If this doesn't turn out to be overblown sensationalism, then the team behind this (actual!) cure probably deserves a Nobel for their efforts and results.
They don't deserve a Nobel because the idea has been obvious in medicine for years. They just got very lucky in being able to deliver a confirmed CCR5 delta 32+ bone marrow transplant to someone with HIV in a medically responsible way.
Curing HIV is an incredible thing to have accomplished but the confirmation of a successful surgery from 3 years ago doesn't advance the bounds of scientific knowledge as much as it was might seem when you see a story like this in the news.
> They don't deserve a Nobel because the idea has been obvious in medicine for years.

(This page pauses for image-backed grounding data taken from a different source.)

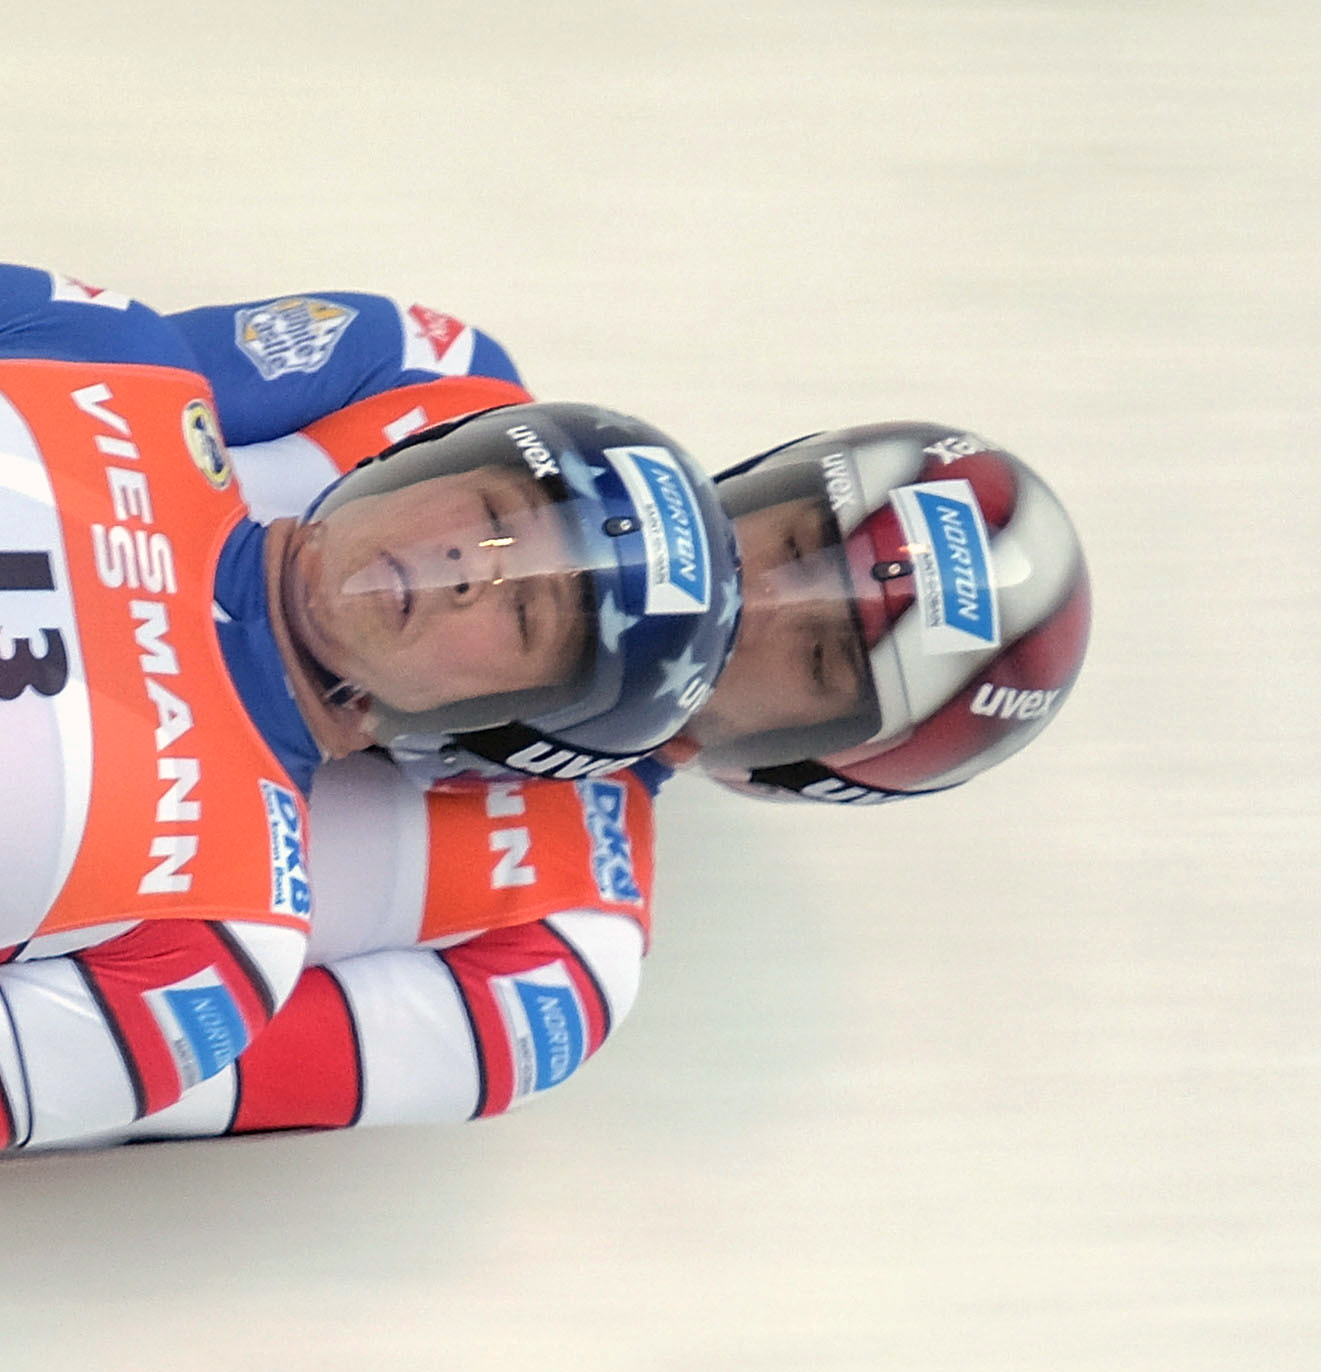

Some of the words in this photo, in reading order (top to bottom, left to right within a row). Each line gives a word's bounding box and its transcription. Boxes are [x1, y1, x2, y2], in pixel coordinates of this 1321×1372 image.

[506, 425, 560, 479] uvex
[822, 452, 854, 512] uvex
[651, 467, 698, 583] NORTON
[936, 505, 980, 621] NORTON
[970, 683, 1061, 720] uvex
[275, 789, 312, 914] DKB

What's your science background/what's your degree in? This really wasn't obvious. It was an open question as to whether or not other cells that were latently infected could produce a new infection via the other co-receptor (CXCR4).
> They just got very lucky
To characterize their hard work as luck is unjust. Yes, patients don't always survive bone marrow transplants, and this patient is indeed lucky to have survived. But the dilligent effort of his physicians is deliberate! Remember that they had to screen a lot of potential donors (61, I believe) to find someone with enough HLA similarity and a homozygous CCR5delta32 genotype. You can call this luck, but it's really just hard and dilligent work. Out of a pool of around 60 million people (worldwide) homozygous for CCR5delta32, you can find someone with enough matching allotypes. (You do know that you don't need all of the allotypes to match, right? That increases the probablity right there. In some cases, a little imperfect matching is a good thing, because the resulting graft-vs-host effect can act against the cancer you're trying to treat. Doctors have been using this effect since the 80s.)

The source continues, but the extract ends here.